In a case with significant ramifications for the oil and gas industry, a split El Paso Court of Appeals has held that a mineral lessee does not have standing to sue a pipeline company for preventing it from accessing its oil and gas due to an underground hydrogen-sulfide disposal site located above the formation it seeks to drill.

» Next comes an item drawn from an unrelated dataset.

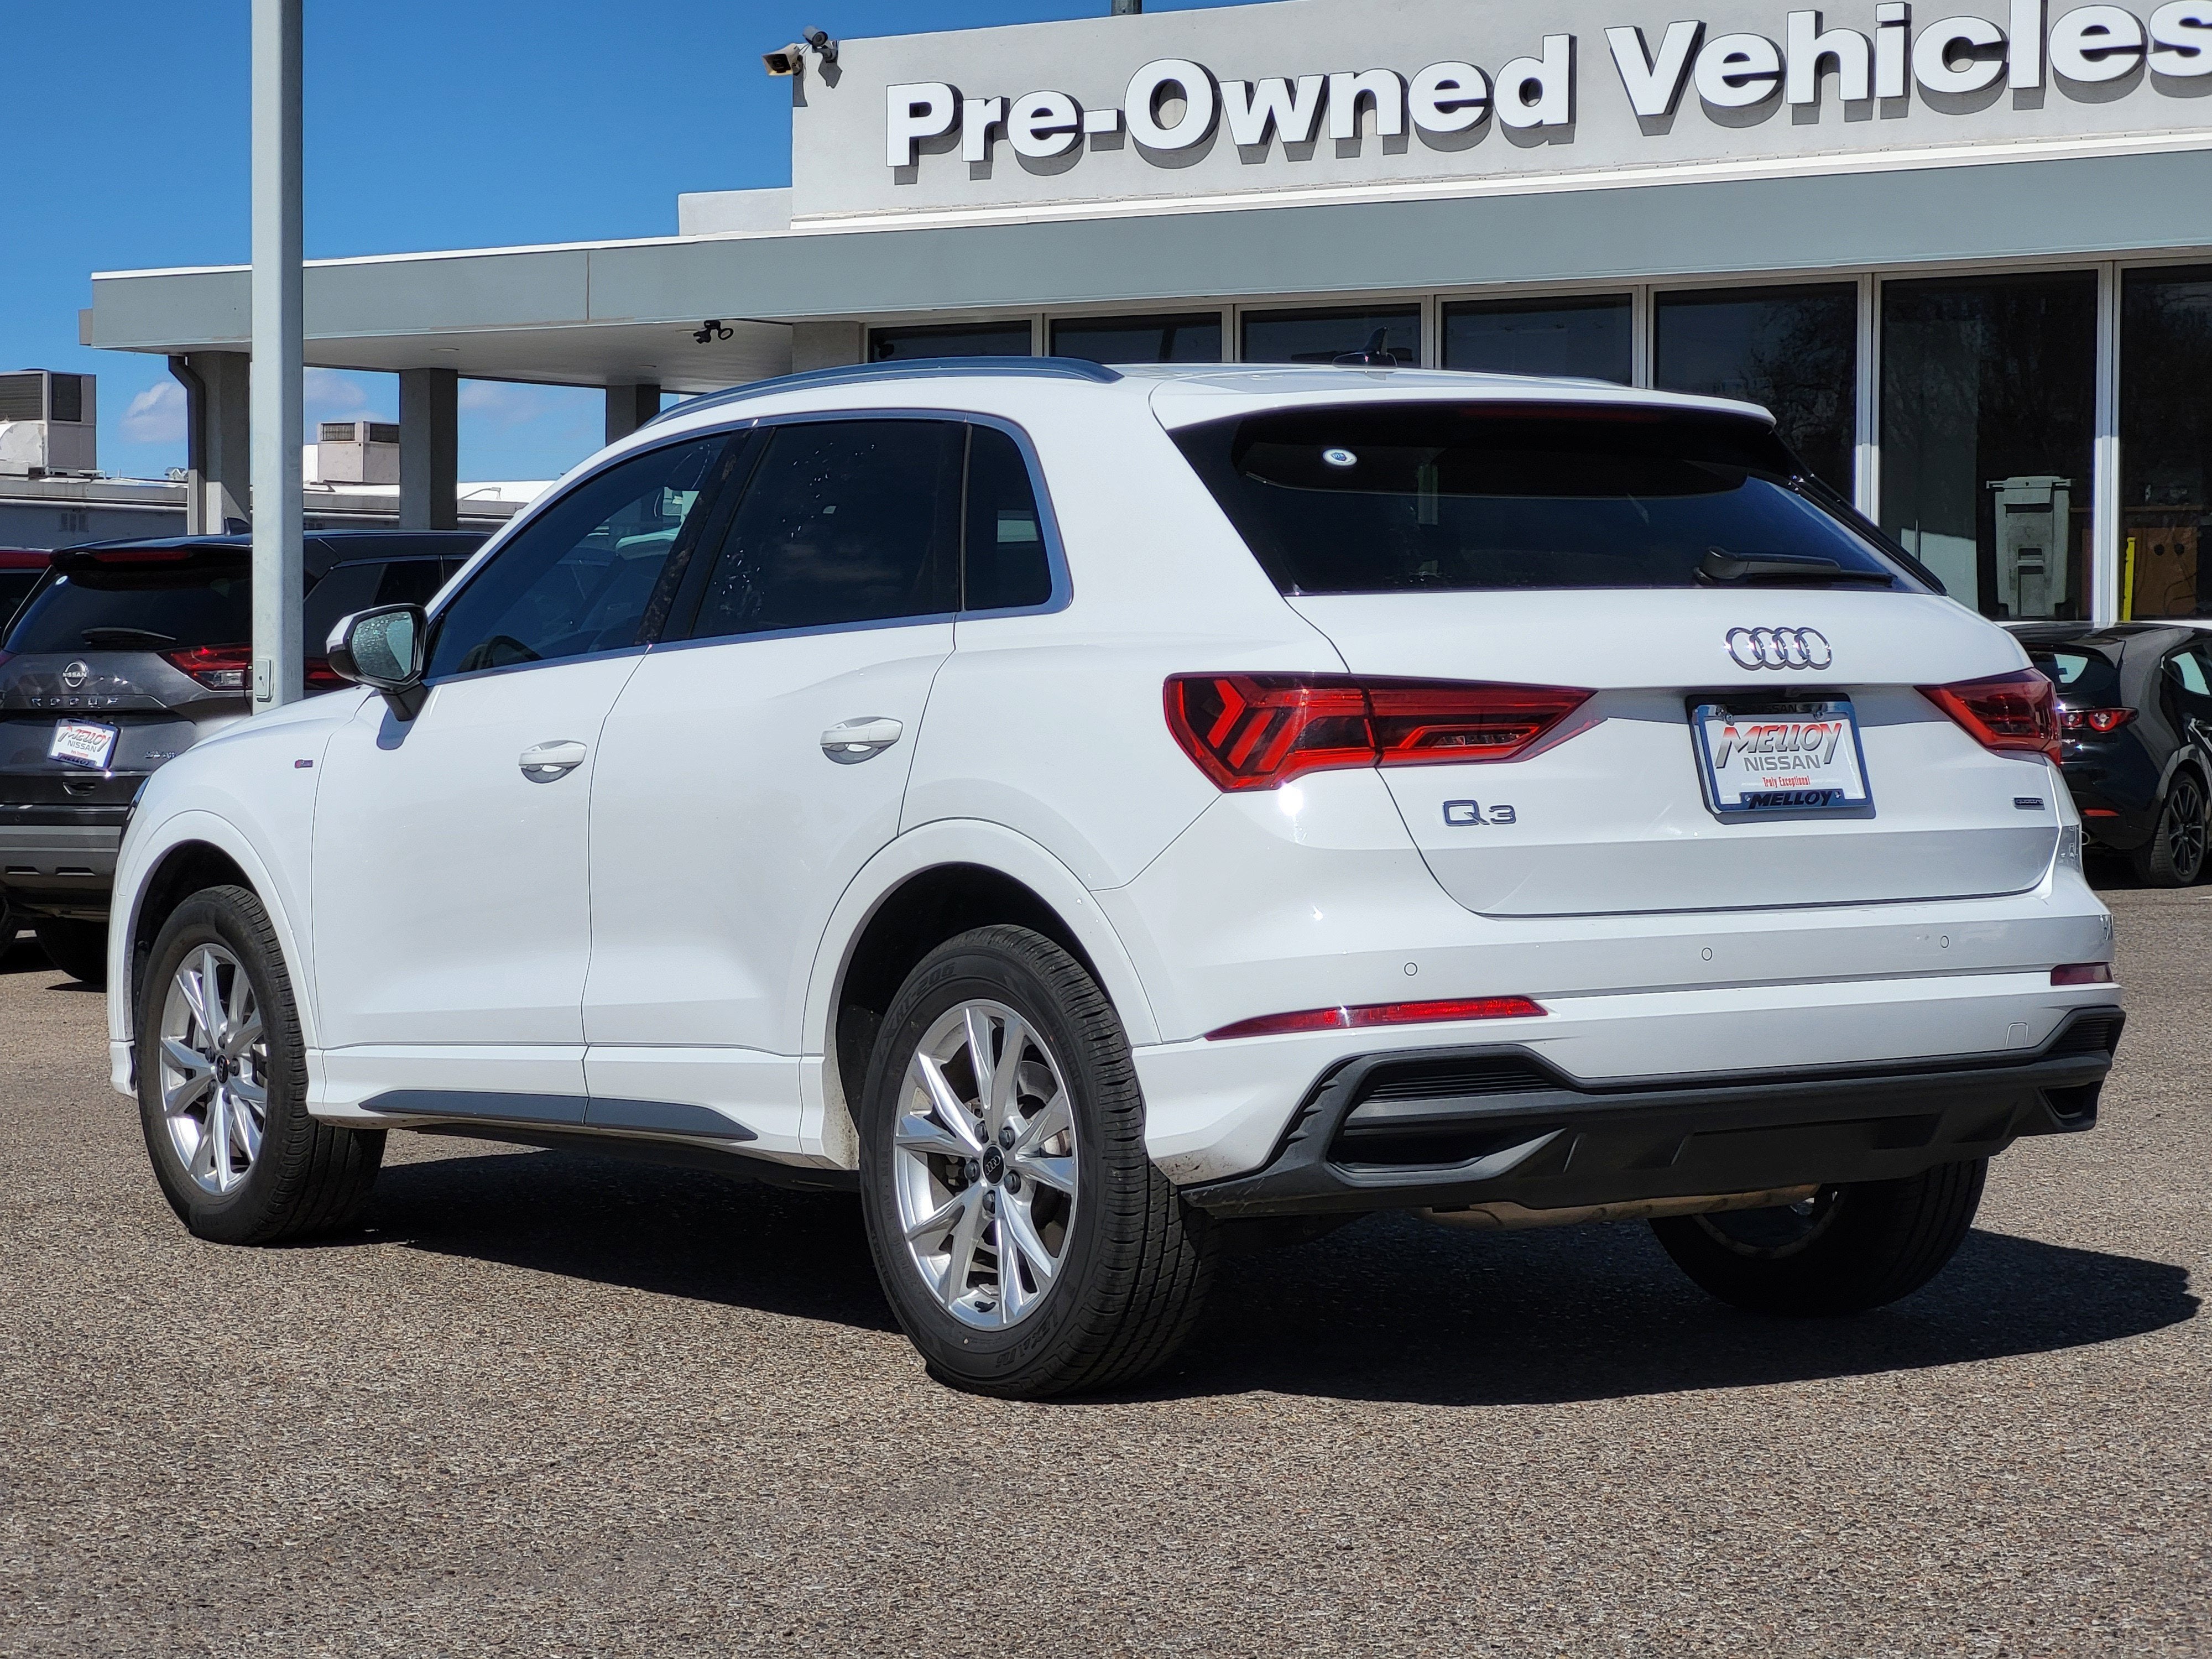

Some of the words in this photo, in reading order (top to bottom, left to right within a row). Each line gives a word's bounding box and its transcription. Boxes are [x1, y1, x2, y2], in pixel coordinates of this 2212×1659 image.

ETC Pipeline, Ltd. and LG PL, LLC v. Ageron Energy LLC (No. 08-23-00010-CV; issued December 29, 2003) has a long prehistory that is the subject of a Texas Supreme Court decision in Regency Field Services, LLC v. Swift Energy Operating, LLC, 622 S.W.3d 807 (Tex. 2021). Regency, which merged with ETC in 2015, obtained a Railroad Commission permit to operate an H2S disposal well on the Dickinson Ranch in McMullen County. The disposal well is located 5,800 under the surface in the Wilcox formation, a depleted mineral field. Beneath the Wilcox lie the Olmos and Eagle-Ford formations. In 2012 the RRC issued an amended permit allowing Regency to increase the injection volume. A few months later, however, H2S showed up in an oil and gas well on a neighboring ranch owned by the Quintanillas. The well suffered damage and had to be plugged. Two months after that, H2S appeared in an inactive well on the Dickinson Ranch and, subsequently, some H2S escaped to the surface and killed some of Dickinson’s cattle.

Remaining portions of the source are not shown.